*** Dataset excerpts Section Begins ***

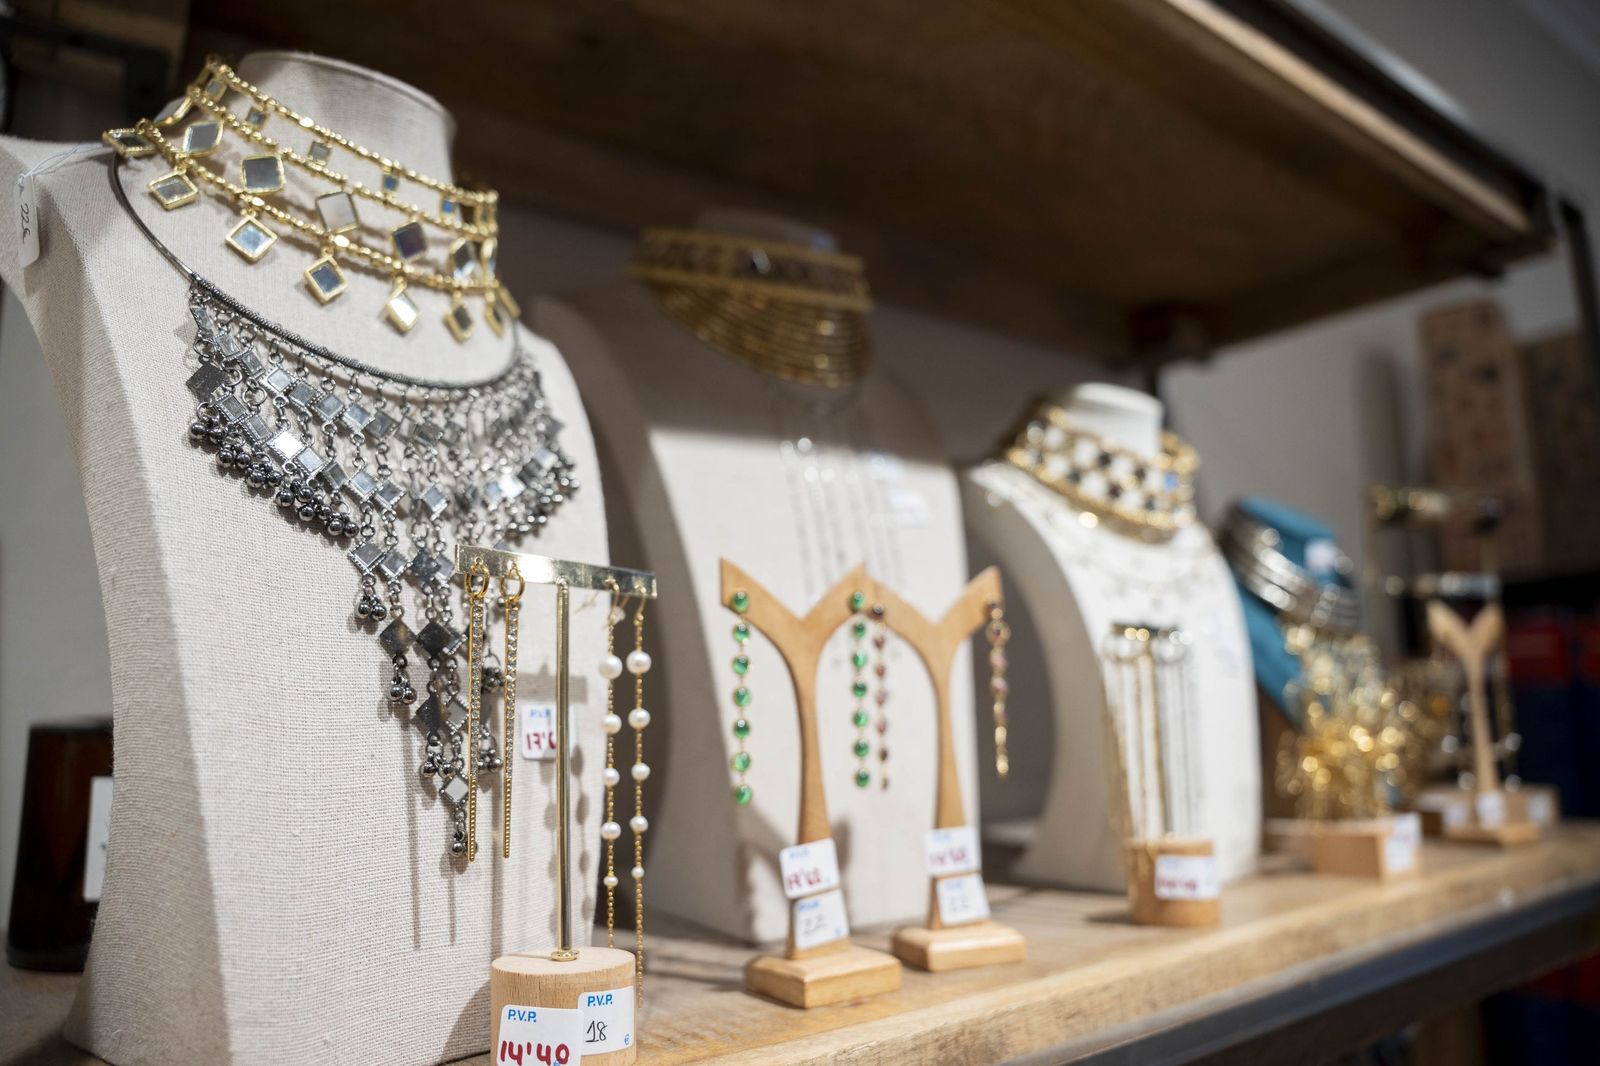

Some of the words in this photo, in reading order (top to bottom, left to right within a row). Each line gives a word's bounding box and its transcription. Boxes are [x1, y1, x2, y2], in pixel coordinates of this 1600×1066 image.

[587, 994, 613, 1007] P.V.P.
[507, 1009, 537, 1023] P.V.P.
[585, 1020, 608, 1043] 18
[500, 1040, 570, 1066] 14'40
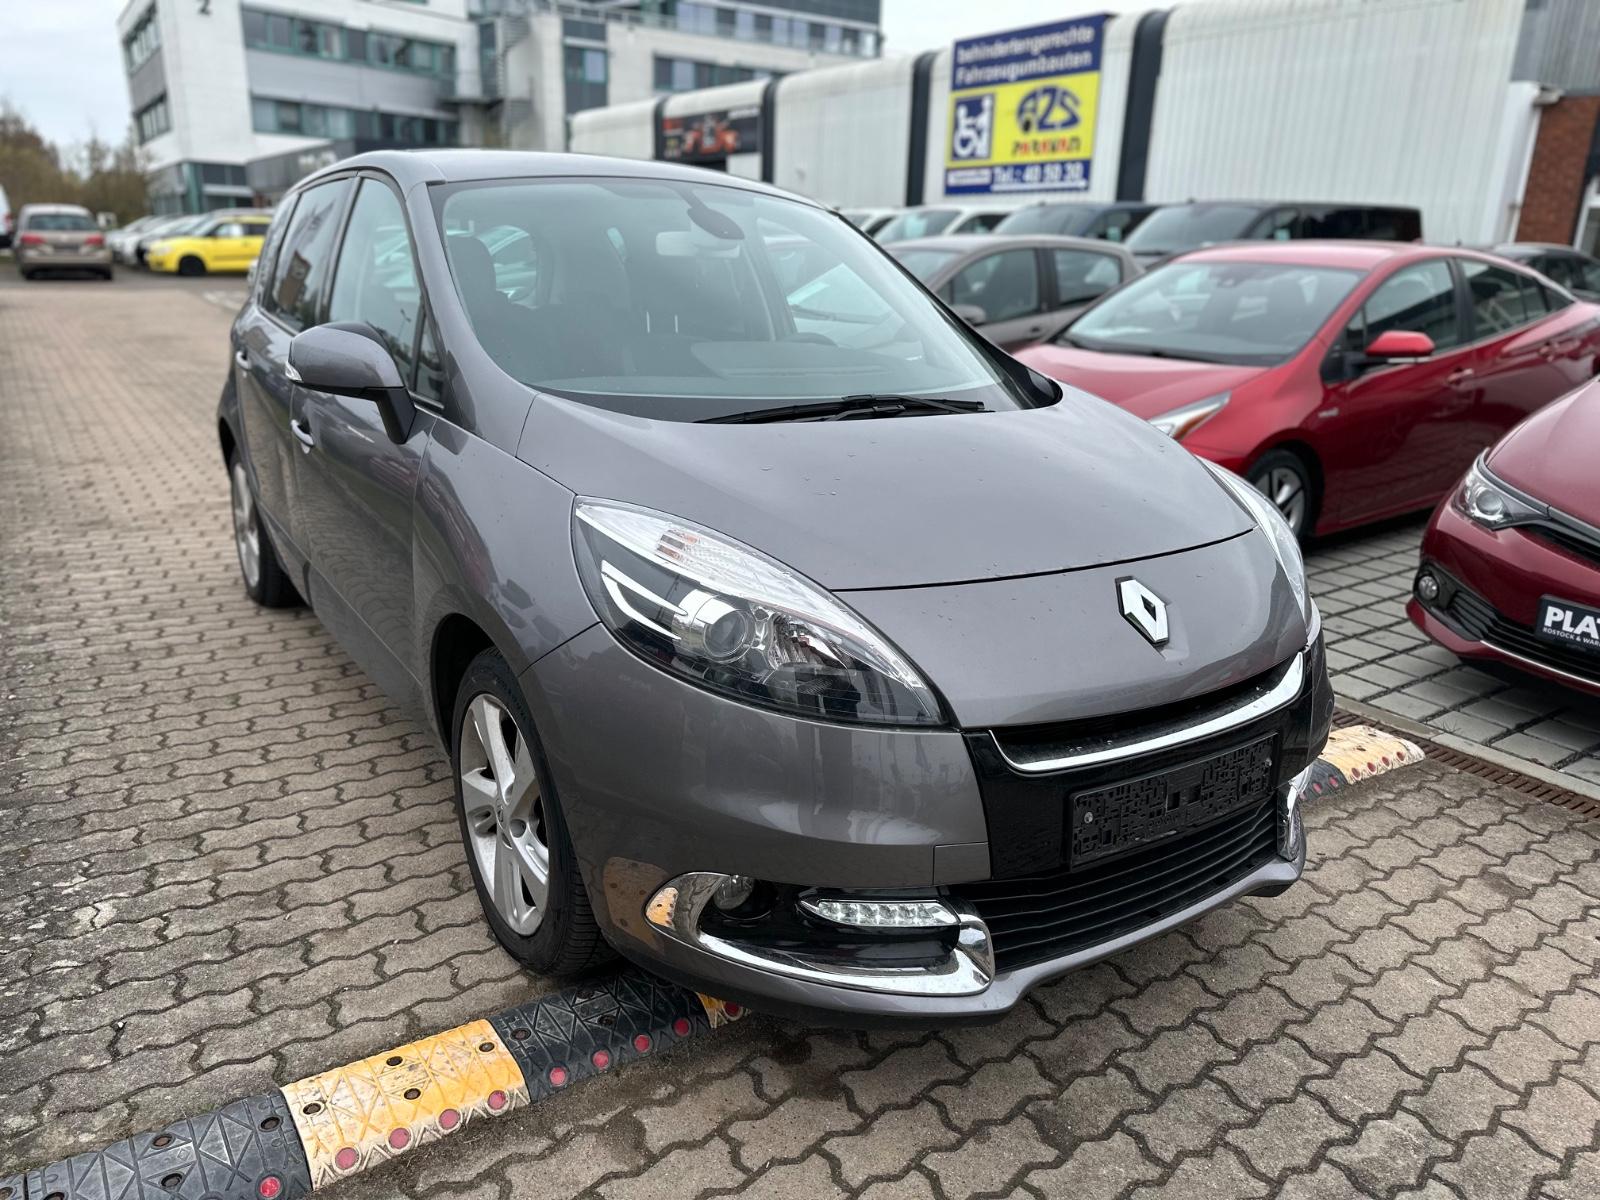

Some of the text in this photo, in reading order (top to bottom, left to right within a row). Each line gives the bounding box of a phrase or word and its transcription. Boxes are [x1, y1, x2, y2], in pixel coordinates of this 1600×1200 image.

[957, 26, 1095, 63] behindertengerechte
[955, 51, 1092, 84] Fahrzeugumbauten
[1543, 627, 1575, 640] ROSTOCK
[1544, 606, 1600, 639] PLA

*** Dataset excerpts Section Ends ***

Could the entries above be copied out exactly, with no pictures included?

Finished task:
Some of the words in this photo, in reading order (top to bottom, left to right within a row). Each line gives a word's bounding box and its transcription. Boxes are [x1, y1, x2, y2], in pixel coordinates of this 1600×1066 image.

[587, 994, 613, 1007] P.V.P.
[507, 1009, 537, 1023] P.V.P.
[585, 1020, 608, 1043] 18
[500, 1040, 570, 1066] 14'40

Some of the text in this photo, in reading order (top to bottom, left to right within a row). Each line gives the bounding box of a phrase or word and its transcription. Boxes are [x1, y1, x2, y2], in pixel coordinates of this 1600×1200 image.

[957, 26, 1095, 63] behindertengerechte
[955, 51, 1092, 84] Fahrzeugumbauten
[1543, 627, 1575, 640] ROSTOCK
[1544, 606, 1600, 639] PLA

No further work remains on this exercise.